### BRIEF
The output must match the entries below exactly, with pictures removed.
(RECORDED DATA)
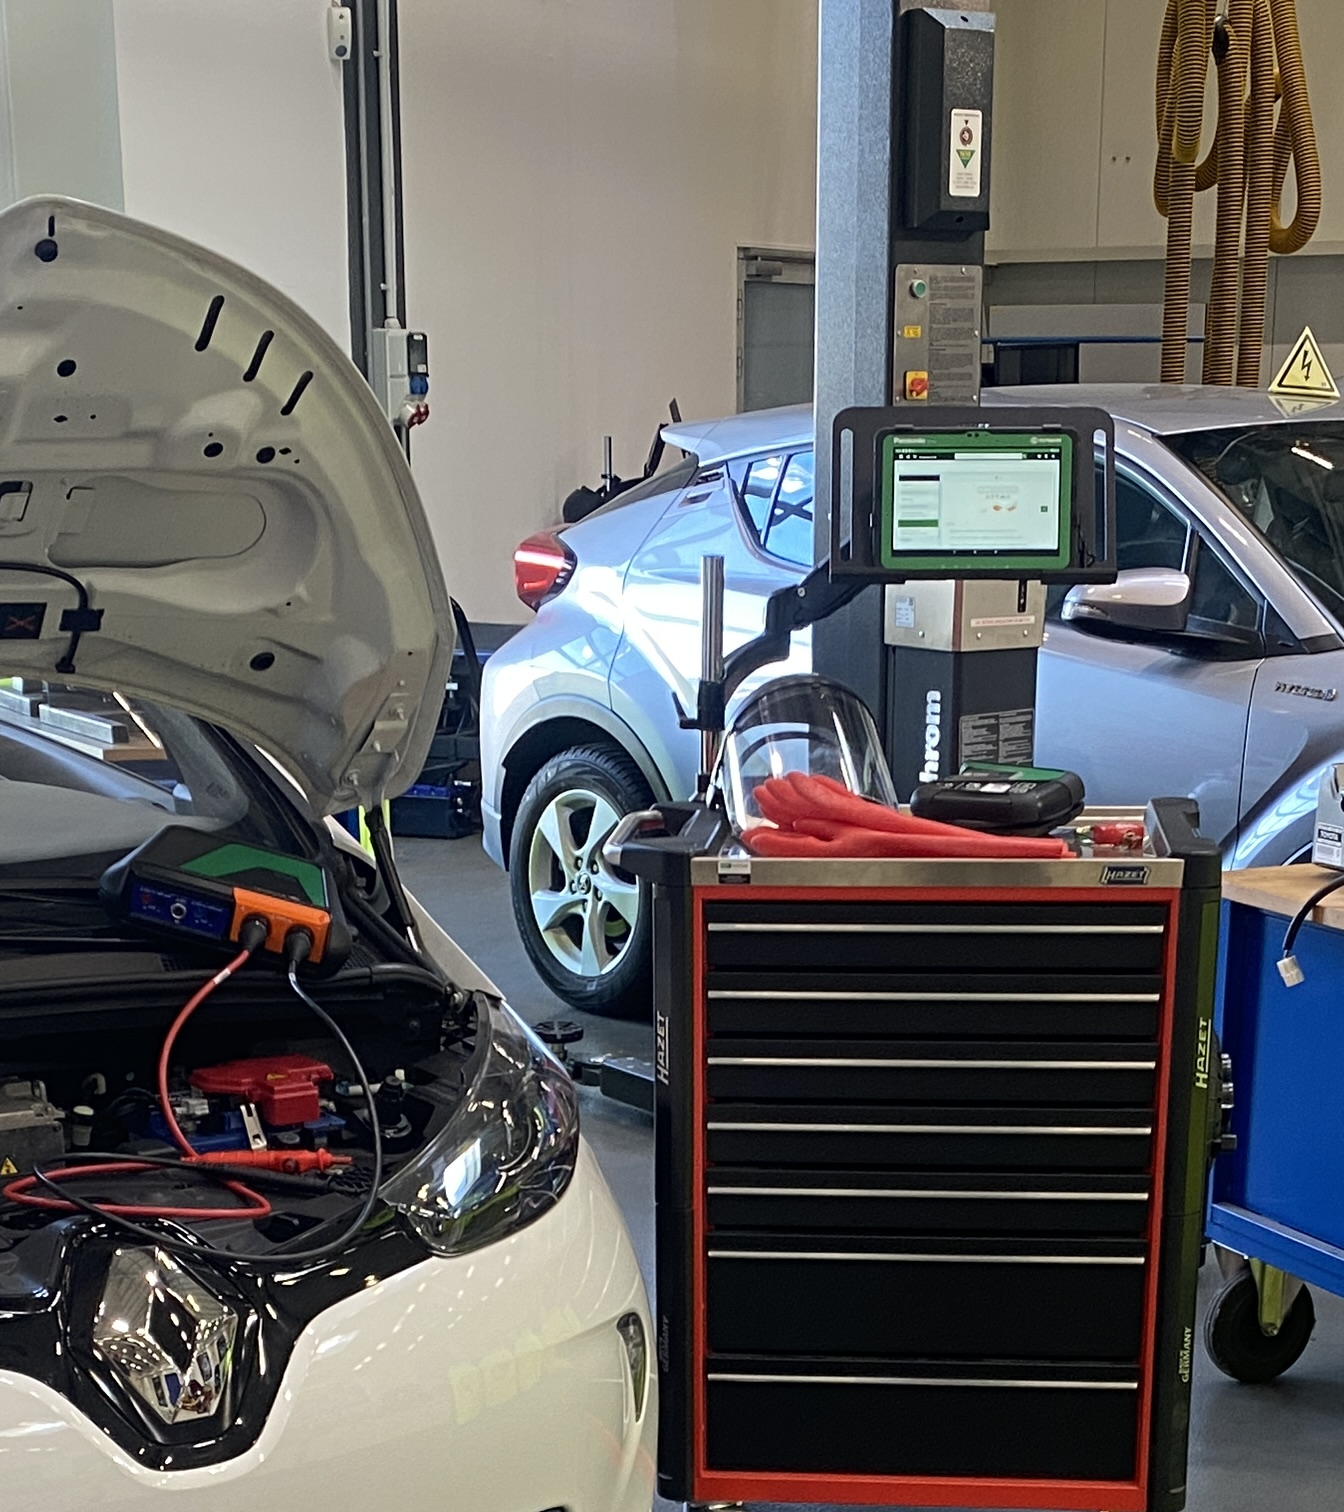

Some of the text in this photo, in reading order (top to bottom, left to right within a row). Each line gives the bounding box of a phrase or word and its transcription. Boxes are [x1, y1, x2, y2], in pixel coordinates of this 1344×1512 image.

[919, 690, 941, 784] hrom
[1106, 869, 1145, 881] HAZET
[656, 1010, 669, 1087] HAZET
[1196, 1016, 1209, 1090] HAZET
[1181, 1326, 1192, 1383] GERMANY
(End RECORDED DATA)
### OUTPUT FOR THIS EXERCISE
Some of the text in this photo, in reading order (top to bottom, left to right within a row). Each line gives the bounding box of a phrase or word and its transcription. Boxes are [x1, y1, x2, y2], in pixel coordinates of this 1344×1512 image.

[919, 690, 941, 784] hrom
[1106, 869, 1145, 881] HAZET
[656, 1010, 669, 1087] HAZET
[1196, 1016, 1209, 1090] HAZET
[1181, 1326, 1192, 1383] GERMANY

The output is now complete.